If you want to build a strong, happy, and fulfilling relationship, begin paying more attention to your partner’s bids (attempts) to connect with you.
Bids can be verbal or nonverbal, small or big, and serious or funny in nature. They can take the form of a question, an expression, or physical outreach. For instance, your partner might say to you, “Hey, why did your colleague come into a conflict with your manager at work?” or, “What would you like us to do this weekend?” or just, “Can you pass me the book, please?”
They could also pat you on the back affectionately or give you a warm, loving hug.
What you need to remember is that bids are often made in a subtle way on purpose since we’re afraid to put ourselves out there and be vulnerable. We’re afraid to say, “Pay attention to me. Connect with me.” So instead, we tell our partner a story or ask them a question in order to connect with them.
How can you respond to a bid?
You can do this in 3 ways:
– Acknowledging the bid
– Ignoring the bid
– Rejecting the bid
For example, when your partner works on an important project and lets out a heavy sigh, they are making a bid. To respond to their bit, you can turn towards them and ask them, “What’s wrong?”
Now try to imagine that you are washing the dishes and your partner asks you how you spent your day at work. You could respond to their question and share details about the important project you had that day with them or simply ignore them and continue washing the dishes.
Rejecting your partner’s bid to connect takes the form of a sharp, negative reply, such as “Why do you always have to bug me when I am trying to get things done?”
Why are bids important in a relationship?
When you and your partner make bids to connect, you form the basis of emotional connection, trust, respect, and passion. Because a healthy and strong relationship requires you and your partner to pay attention to each other every day. It requires you to listen to and be there for each other.
Never ignore or turn against your partner’s bids!

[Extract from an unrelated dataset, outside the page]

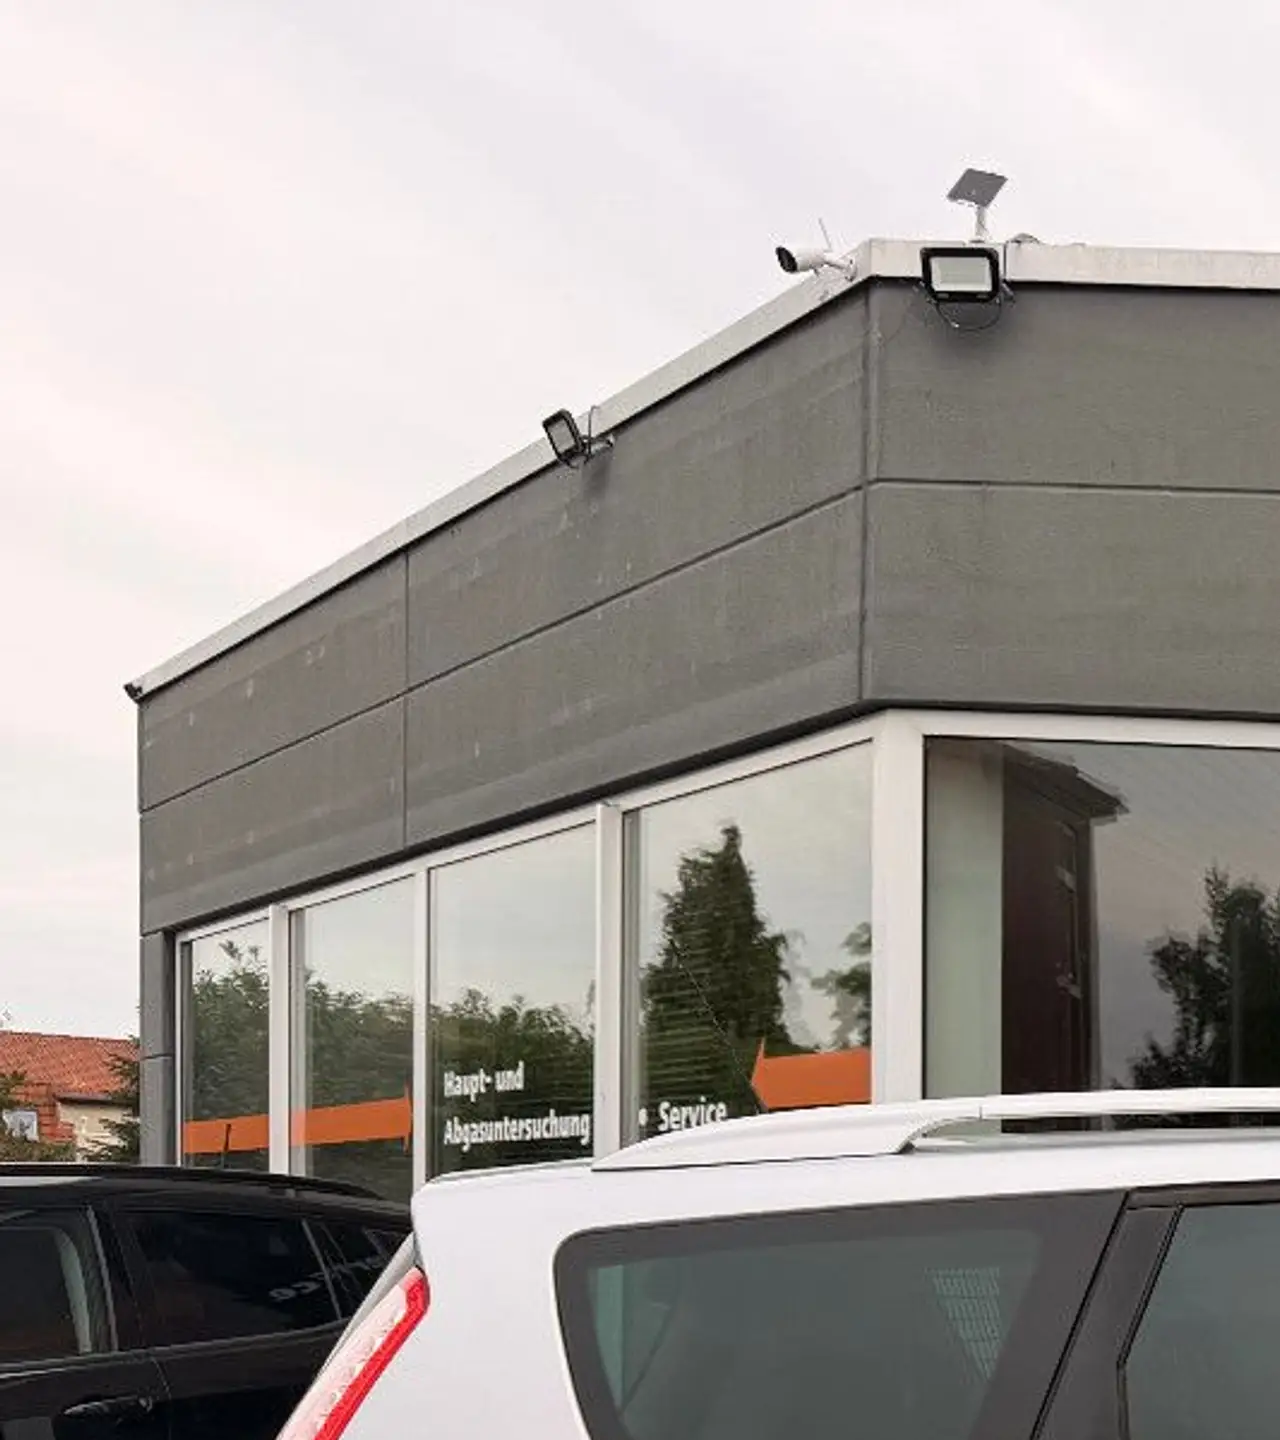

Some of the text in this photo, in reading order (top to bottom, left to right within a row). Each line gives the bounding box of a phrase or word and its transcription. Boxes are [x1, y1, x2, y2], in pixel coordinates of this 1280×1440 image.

[444, 1060, 525, 1102] Haupt- und
[444, 1107, 591, 1152] Abgasuntersuchung
[657, 1096, 729, 1132] Service

When you constantly ignore or turn against your partner’s bids for connection, they start to feel frustrated and become more inclined to criticize you. All this inevitably pushes you to be defensive and it’s likely to result in an argument.
How often should you make bids?
Make bids every day. Leave your partner a cute love post-it note on their pillow in the morning. Kiss them before they go to work. Give them a loving hug when they walk in the door. Put down your phone when they want to talk to you and listen to them.
Because when you make bids, you show your partner that you care about them. You show them that their feelings, needs, opinions, and wishes matter to you. You show them that everything that’s going on in their life means to you. You show them that you want to connect with them.